3. D’autre part, l’annexe 10-63 du code de l’entrée et du séjour des étrangers et du droit d’asile, qui liste les pièces à fournir à l’appui d’une demande de document de circulation pour étrangers mineurs, dispose que, « si l’autorité parentale est exercée par un tiers », le demandeur doit fournir une « copie de la décision de justice portant délégation de l’autorité parentale ou de la décision du conseil de famille ».
4. Le refus d’enregistrer une demande de document de circulation pour étrangers mineurs motif pris du caractère incomplet du dossier ne constitue pas une décision faisant grief susceptible d’être déférée au juge de l’excès de pouvoir lorsque le dossier est effectivement incomplet, en l’absence de l’un des documents mentionnés dans les stipulations et dispositions citées au point précédent.
5. En l’espèce, il ressort des pièces du dossier que, à l’appui de la demande de document de circulation pour étrangers mineurs qu’elle avait déposée au bénéfice de M. C le 16 novembre 2023, Mme E a fourni un acte de kafala dressé devant notaire, lequel n’est ni une décision de justice portant délégation de l’autorité, ni une décision du conseil de famille au sens des dispositions citées au point 3. Si Mme E produit à l’appui de sa requête un jugement du tribunal de Guelma portant délégation de l’autorité parentale, cette décision de justice datée du 3 janvier 2024 est postérieure à la date du refus d’enregistrer sa demande.
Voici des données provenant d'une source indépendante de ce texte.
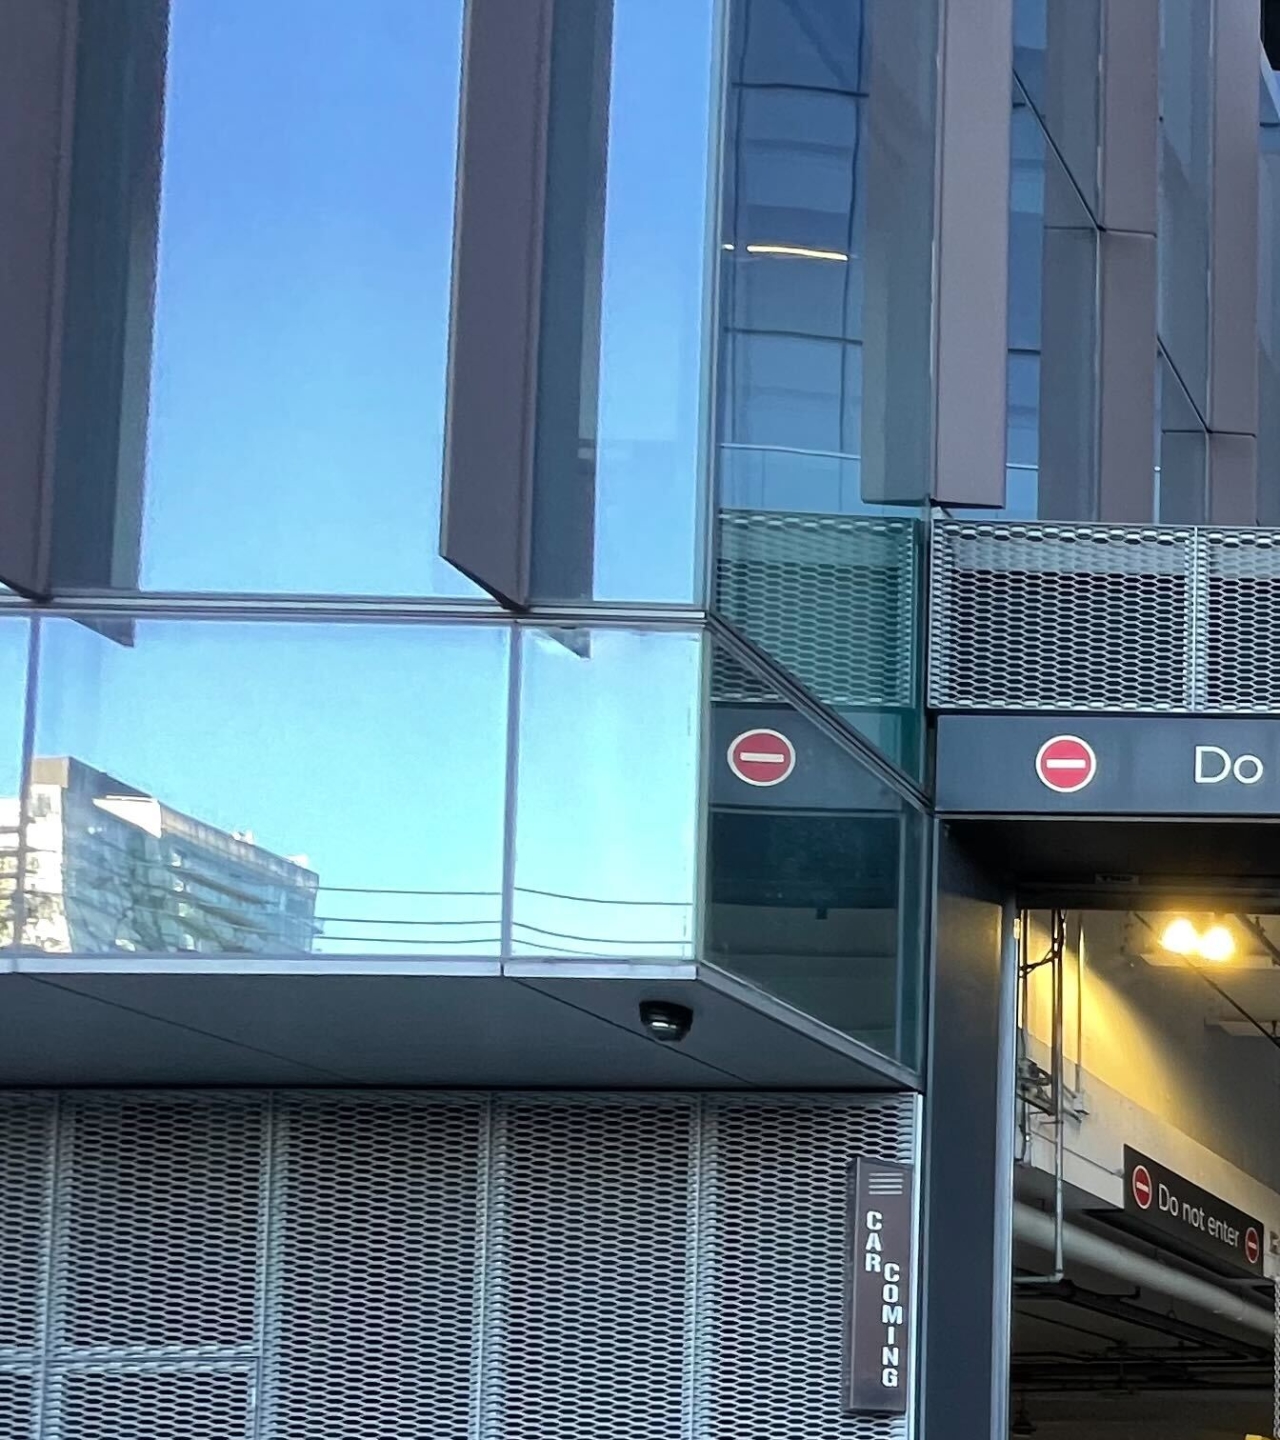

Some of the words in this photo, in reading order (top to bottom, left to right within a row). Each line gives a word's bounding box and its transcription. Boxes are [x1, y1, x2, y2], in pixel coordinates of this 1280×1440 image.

[1194, 745, 1264, 785] Do
[1158, 1183, 1179, 1217] Do
[1182, 1202, 1206, 1231] not
[1207, 1216, 1240, 1248] enter
[865, 1210, 883, 1273] CAR
[881, 1262, 903, 1388] COMING
Dès lors, son dossier étant effectivement incomplet au 27 décembre 2023, le refus d’enregistrer sa demande ne constitue pas une décision faisant grief et la requête est irrecevable.
6. Il résulte de l’ensemble de ce qui précède que Mme E n’est pas recevable à demander l’annulation de la décision du 27 décembre 2023 par laquelle le préfet de police a refusé d’instruire sa demande de document de circulation pour étranger mineur au profit de M. C. Par voie de conséquence, ses conclusions à fin d’injonction et celles relatives aux frais d’instance doivent également être rejetées.
D E C I D E :
Article 1er : La requête de Mme E est rejetée.
Article 2 : Le présent jugement sera notifié à Mme A E et au préfet de police.
Copie en sera adressée au ministre d’Etat, ministre de l’intérieur.
Délibéré après l’audience du 27 mai 2025, à laquelle siégeaient :
— M. Gracia, président,
— Mme Merino, première conseillère,
— M. Rannou, conseiller.
Rendu public par mise à disposition au greffe le 10 juin 2025.
Le rapporteur,
Signé
M. RANNOU
Le président,
Signé
J-Ch. GRACIA
La greffière,
Signé
C. YAHIAOUI
La République mande et ordonne au préfet de police en ce qui le concerne et à tous huissiers de justice à ce requis en ce qui concerne les voies de droit commun, contre les parties privées, de pourvoir à l’exécution du présent jugement.